This is the documentation for the stand alone remover for the
Byway virus (both A and B variants).

The name of the remover is REM-BYWY.EXE.  It must be run on a system
that has been booted from a clean system disk.  The syntax is:

REM-BYWY D: [D: ...]

Where D: is the drive to check and clean.  You can check and clean more
than one drive at a time.  Because the remover uses low level disk routines,
you can't check or clean network drives.  If you have an infected network
drive, you have to clean the drive from the system it is on.
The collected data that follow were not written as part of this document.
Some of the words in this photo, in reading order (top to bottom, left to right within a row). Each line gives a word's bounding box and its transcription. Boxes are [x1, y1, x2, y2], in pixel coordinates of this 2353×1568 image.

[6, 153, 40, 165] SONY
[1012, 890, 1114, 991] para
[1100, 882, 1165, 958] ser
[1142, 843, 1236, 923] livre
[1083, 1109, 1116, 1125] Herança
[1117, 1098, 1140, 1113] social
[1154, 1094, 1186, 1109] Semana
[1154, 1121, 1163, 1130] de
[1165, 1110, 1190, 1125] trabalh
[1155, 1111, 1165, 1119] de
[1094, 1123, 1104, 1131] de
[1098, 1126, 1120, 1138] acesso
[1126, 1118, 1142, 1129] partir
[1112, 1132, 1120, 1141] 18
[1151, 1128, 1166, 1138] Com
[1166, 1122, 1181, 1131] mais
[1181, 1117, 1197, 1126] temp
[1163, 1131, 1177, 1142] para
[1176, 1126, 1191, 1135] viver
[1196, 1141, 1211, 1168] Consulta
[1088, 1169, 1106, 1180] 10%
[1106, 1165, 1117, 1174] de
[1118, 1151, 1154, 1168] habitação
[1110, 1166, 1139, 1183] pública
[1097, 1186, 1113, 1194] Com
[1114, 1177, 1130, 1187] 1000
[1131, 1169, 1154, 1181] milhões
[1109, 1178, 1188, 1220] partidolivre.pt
The removers first action is to look for the virus in memory.  If it finds
the virus, it will refuse to run.  This is because attempting to remove
the virus from a disk while the virus is active will cause the disk to
be corrupted beyond repair.

If the remover doesn't find the virus in memory, it attempts to find the
virus on the disks named in the command line.  Because the virus changes
low level structures on the disk in a characteristic way, this is what the
remover looks for.  Thus, you may receive the confusing message that the
remover looked at no files, if it doesn't find the virus.  This is not
entirely accurate.  If the characteristic changes in the low level disk
structures are not found, the remover has no need to look at files on the
disk, because the virus could not be present.

If the remover finds the virus on a disk, it generates a series of status
messages to tell you which files are infected, and which ones it successfully
cleaned.  This ends with a summary that tells you how many files were infected,
disinfected, and deleted.  If the number of infected files is not equal to the
number of disinfected and deleted files, the remover will also print out a
warning about that, and tell you what to do.  The remover will only delete the
file "CHKLIST.MS" (note the spaces in the file name).  This is a file
created by the virus to contain its body.
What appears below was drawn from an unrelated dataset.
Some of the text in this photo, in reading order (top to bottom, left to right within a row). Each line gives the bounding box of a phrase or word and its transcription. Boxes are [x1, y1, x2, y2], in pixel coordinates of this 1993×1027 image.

Finally, after successfully cleaning a hard drive, the system must be rebooted.
(This isn't necessary after cleaning a floppy.)

Caveats:  This remover is not compatible with Windows 95.  If the virus has
infected a Windows 95 machine, it is not removable.  In this case, the only
thing that can be done is to reinstall all software on the system.

If you receive an error message that says "Can't write to the root directory",
or something similar, the remover was unsuccessful, regardless of what the
status summary says.  To insure that the remover ran successfully, run it
again with the same command line.

You can't scan and clean multiple floppies.  Once the remover runs to
completion it exits.  If you have 35 floppies that you think might be infected,
you have to run REM-BYWY 35 times.  Sorry.

If you give the remover an unsupported option, you will receive three lines of
error reports related to it.  For example, if you type in:

REM-BYWY /FOO

You will receive error messages like this:

REM-BYWY.EXE: Unrecognized switch /FOO
Usage: REM-BYWY.EXE [/NOMEM] DRIVE [DRIVE ...]
REM-BYWY.EXE: Can't check drive /FOO

The last message is a bug.  The careful reader will notice that the usage
line purports that REM-BYWY supports a /NOMEM switch.  This switch will
turn off memory checking, and will (very slightly) speed up the scanning of
multiple floppies.  However, I strongly discourage its use, because the virus
will trash the disk if you attempt to remove it while it is active in memory.